The rare cases of chronic mesenteric adenitis should lead to discussion of certain infectious (tuberculosis, parasitosis, HIV, etc.), tumoral or inflammatory etiologies (Crohn's disease, ulcerative colitis, hereditary periodic fevers, granulomatous diseases, etc.) depending on the clinical context.

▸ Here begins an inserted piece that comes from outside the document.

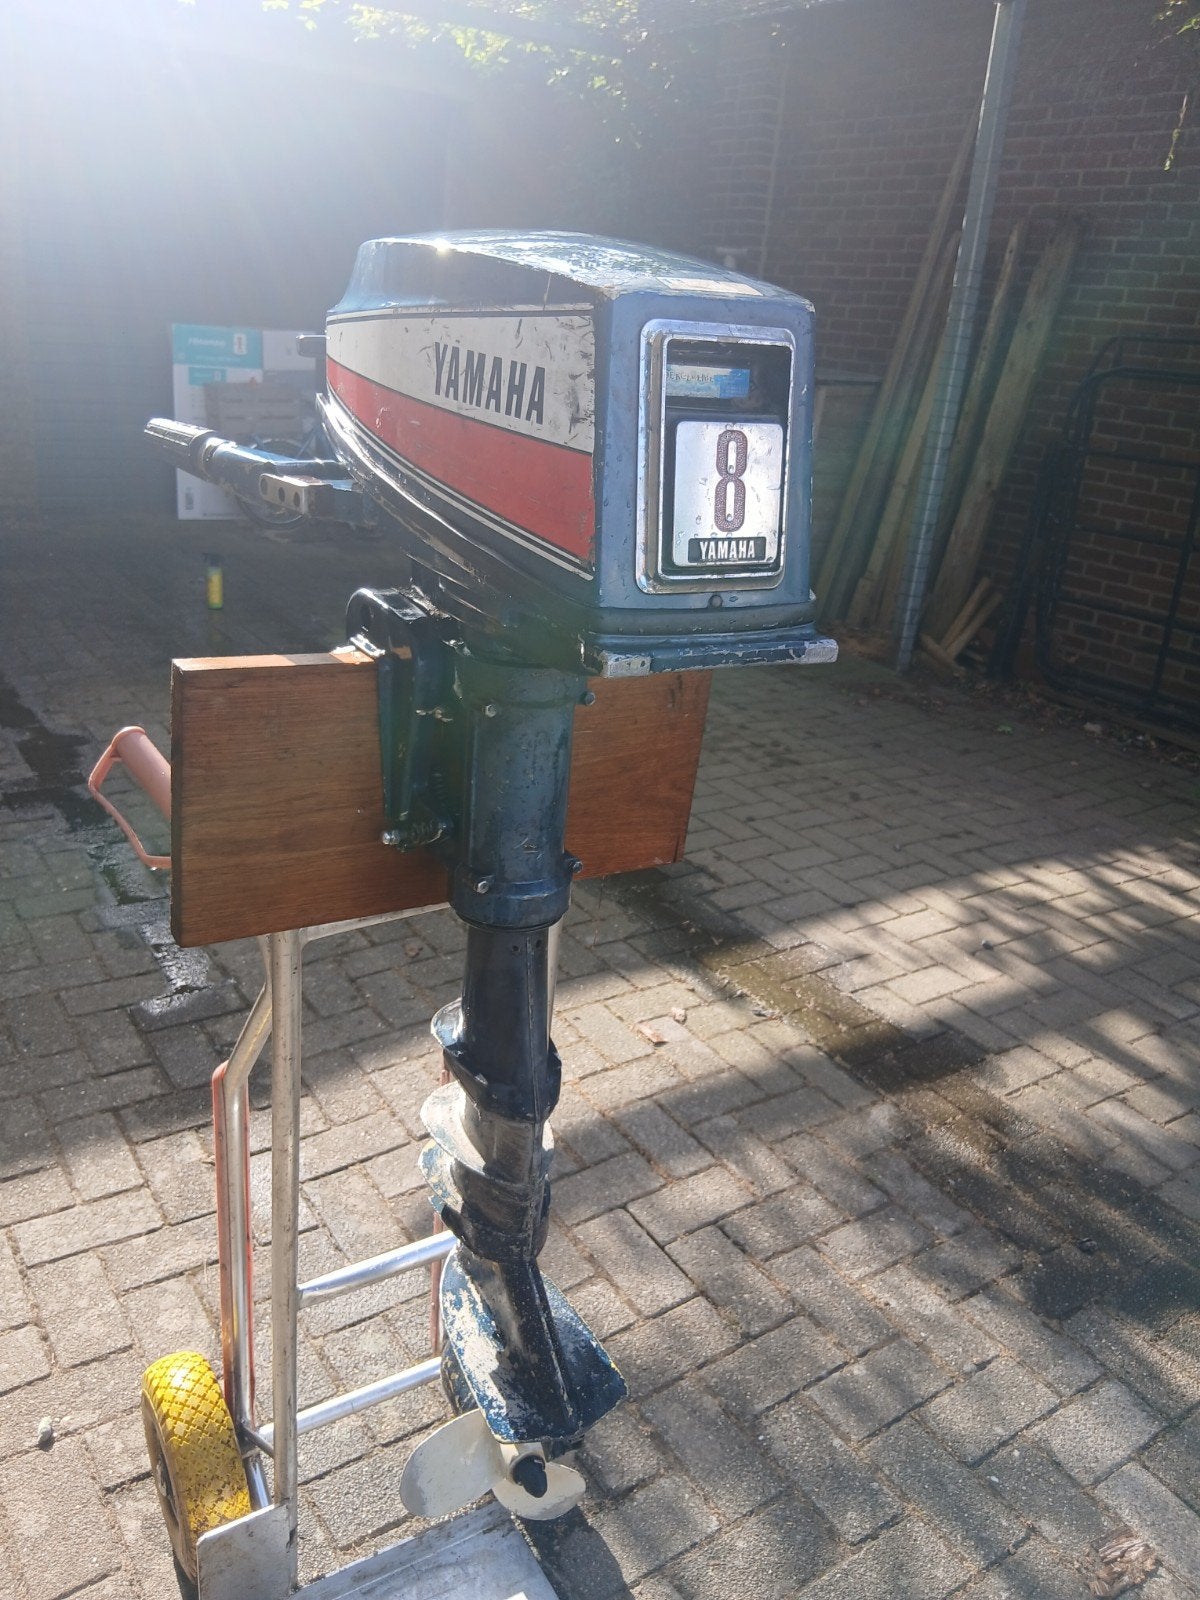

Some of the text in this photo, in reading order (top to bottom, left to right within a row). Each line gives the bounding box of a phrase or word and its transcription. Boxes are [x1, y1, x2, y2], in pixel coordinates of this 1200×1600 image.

[434, 341, 546, 425] YAMAHA
[714, 429, 748, 533] 8
[699, 539, 756, 560] YAMAHA
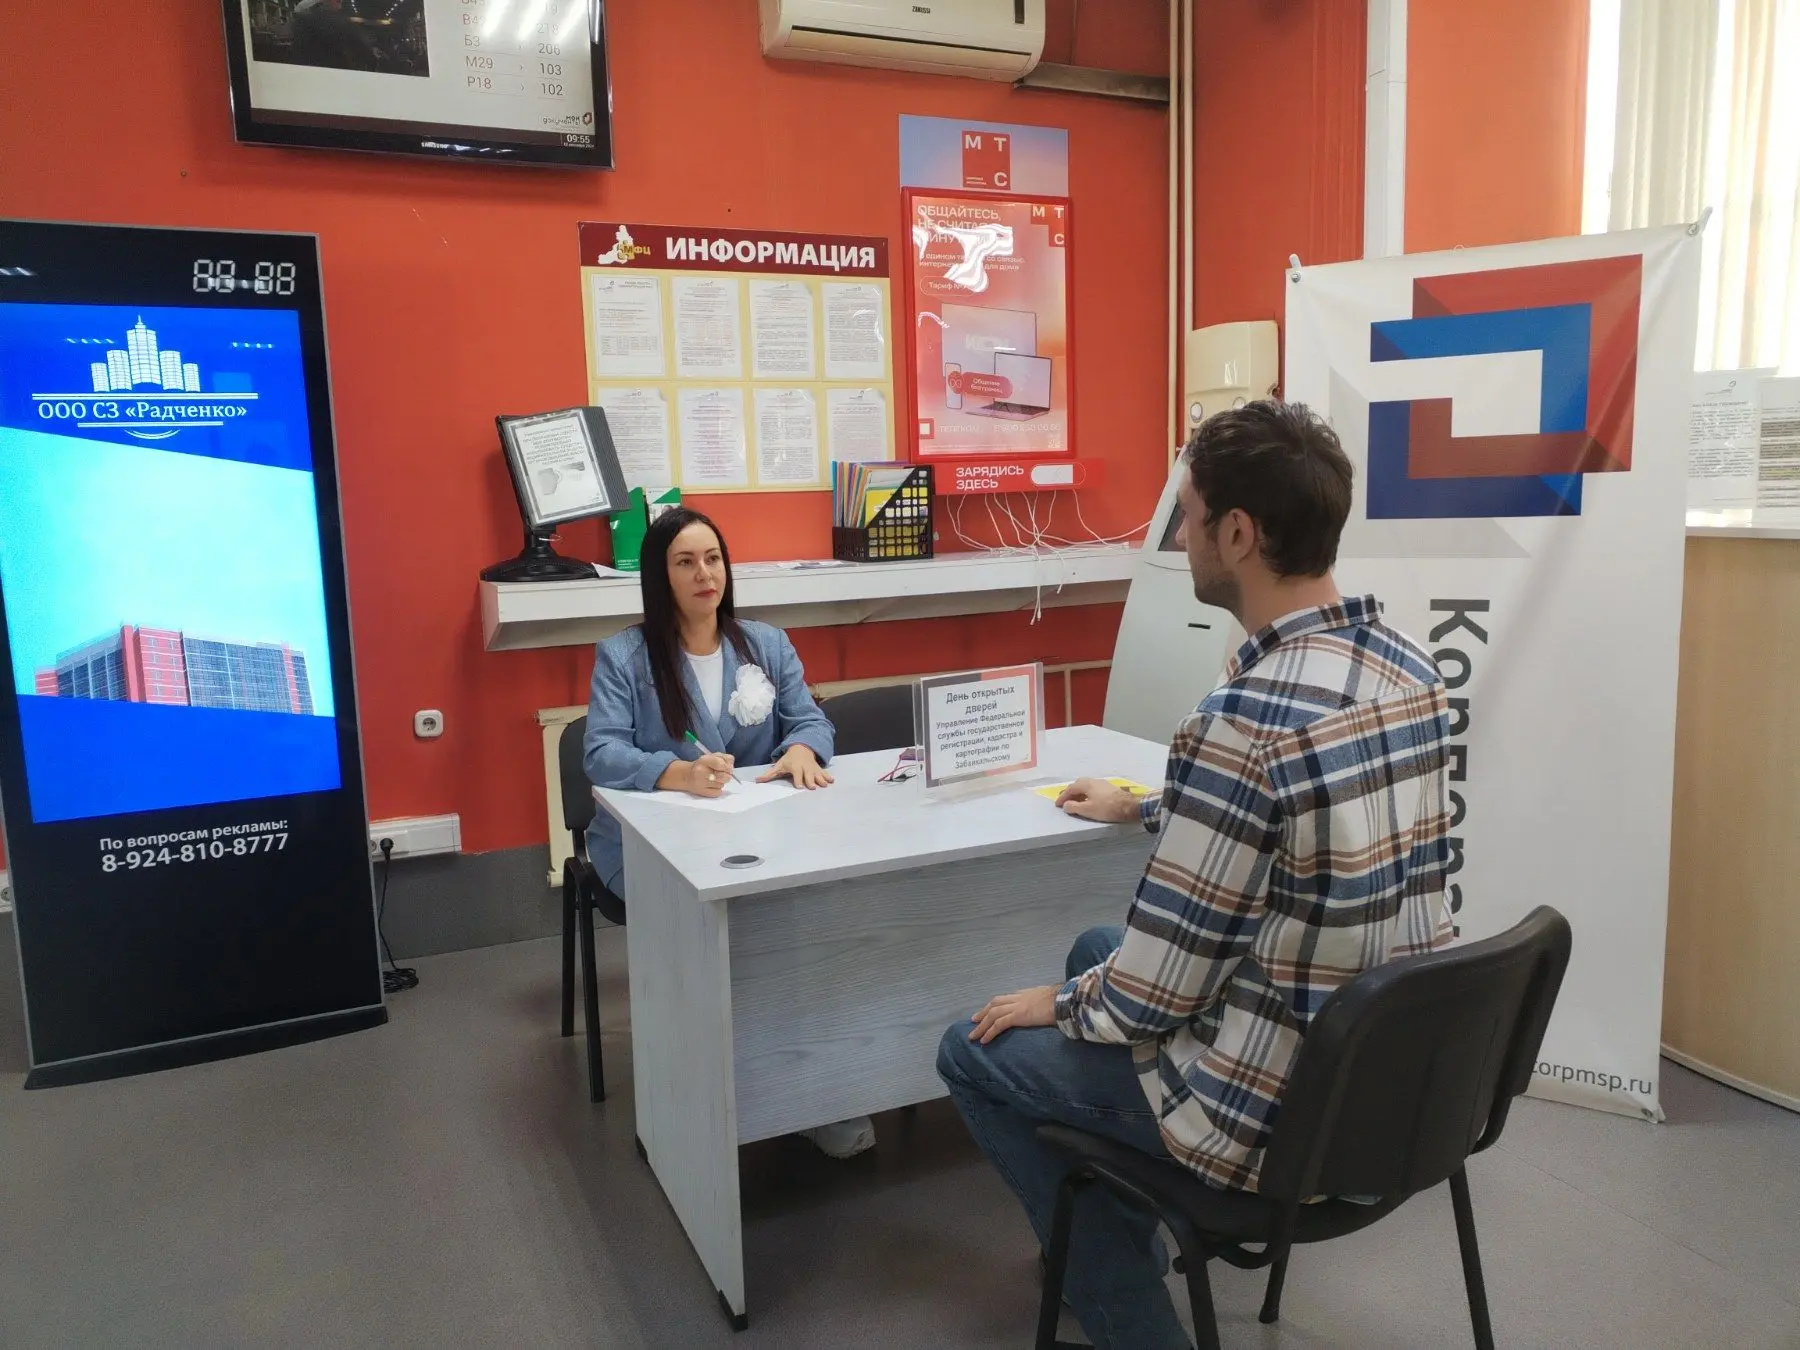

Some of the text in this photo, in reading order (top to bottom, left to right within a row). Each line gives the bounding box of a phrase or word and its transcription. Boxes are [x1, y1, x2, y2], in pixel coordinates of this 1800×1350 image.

Abdominal ultrasound - 10-year-old patient with elective pain in the right iliac fossa. Demonstration in this region of a 1.5 cm long oval structure sensitive under the probe. The appendix (not shown in the video) being normal, a mesenteric adenitis is diagnosed

If there is no sign of seriousness and no doubt about a surgical pathology (reassuring elements : child or young adult, no peritoneal signs, improved within 3 days, conservation condition, no bloody vomiting or bloody diarrhea, no elective localized tenderness, ...), no further investigation is necessary. In other cases, we realize:

  • Blood tests : variable inflammatory syndrome according to etiology
  • Pregnancy test, tigette and urinalysis (to rule out renal colic and urinary tract infection)
  • Abdominal ultrasound or CT-scan : confirms the presence of supra-centimetric mesenteric lymphadenopathies, evaluate the severity and complications and rule out surgical differential diagnoses.
Abdominal CT-scan - Mesenteric adenitis secondary to a distal ileitis
Abdominal CT-scan - Mesenteric adenitis secondary to a distal ileitis


If typical clinic without any argument for a bacterial etiology :

  • Only symptomatic treatment, similar to the treatment of gastroenteritis : paracetamol + - nonsteroidal anti-inflammatory drugs. General measures (diet "gastro", rehydration). No other attitude has demonstrated effectiveness.
    • Antiemetics and antidiarrheals are rarely useful in adults and must be avoided in children. Preference for the rehydration per os, with Solutes Oral Rehydration by age, and even consider a brief hospitalization in case of abundant diarrhea and / or vomiting or clinical signs of dehydration in very young children and newborns.
  • If necessary, reassure parents (often very anxious and misunderstand the doctor's attitude found negligent about the pain intensity of their child) and explain in what cases represent emergency. Followed in consultation with the attending physician to 72 hours.

In other cases:

  • Achieving a emergency radiological imaging is justified only in case of reasonable diagnostic doubt or fear of a complication. If inconclusive imaging : clinical and laboratory monitoring and repeat imaging to 24 hours.
  • Antibiotics (++ fluoroquinolone / cyclin) are only justified in cases of bacterial etiology suspicion (deterioration of general condition, high CRP, no clinical improvement over a few days, rapidly worsening).


Dr Shanan Khairi, MD


Carty HM, Paediatric emergencies: non-traumatic abdominal emergencies, Eur Radiol. 2002 Dec;12(12):2835-48

Hawkey CJ et al., Textbook of clinical Gastroenterology and Hepatology, 2d edition, Wiley-BlackWell, 2012

Kliegman RM et al., Nelson textbook of pediatrics, 18th edition, Saunders, 2007

Lambot K et al., Les urgences abdominales non traumatiques de l’enfant, J Radiol, 2005; 86:223-33

Toorenvliet B et al., Clinical differentiation between acute appendicitis and acute mesenteric lymphadenitis in children, Eur J Pediatr Surg, 2011 Mar;21(2):120-3

World Health Organization and UNICEF, Production of the new ORS, WHO Press, 2006

Yang WC et al., Etiology of non-traumatic acute abdomen in pediatric emergency departments, World J Clin Cases, 2013, Dec 16; 1(9): 276–284

NB: this article, the first french version of which was written in 2014, has been, without being referenced, pumped in large part by the Ooreka french website and then by others, copying us or each other, i.e. the passeportsanté and santésurlenet french websites. This is plagiarism, and it's totally inappropriate, even from purely commercial sites.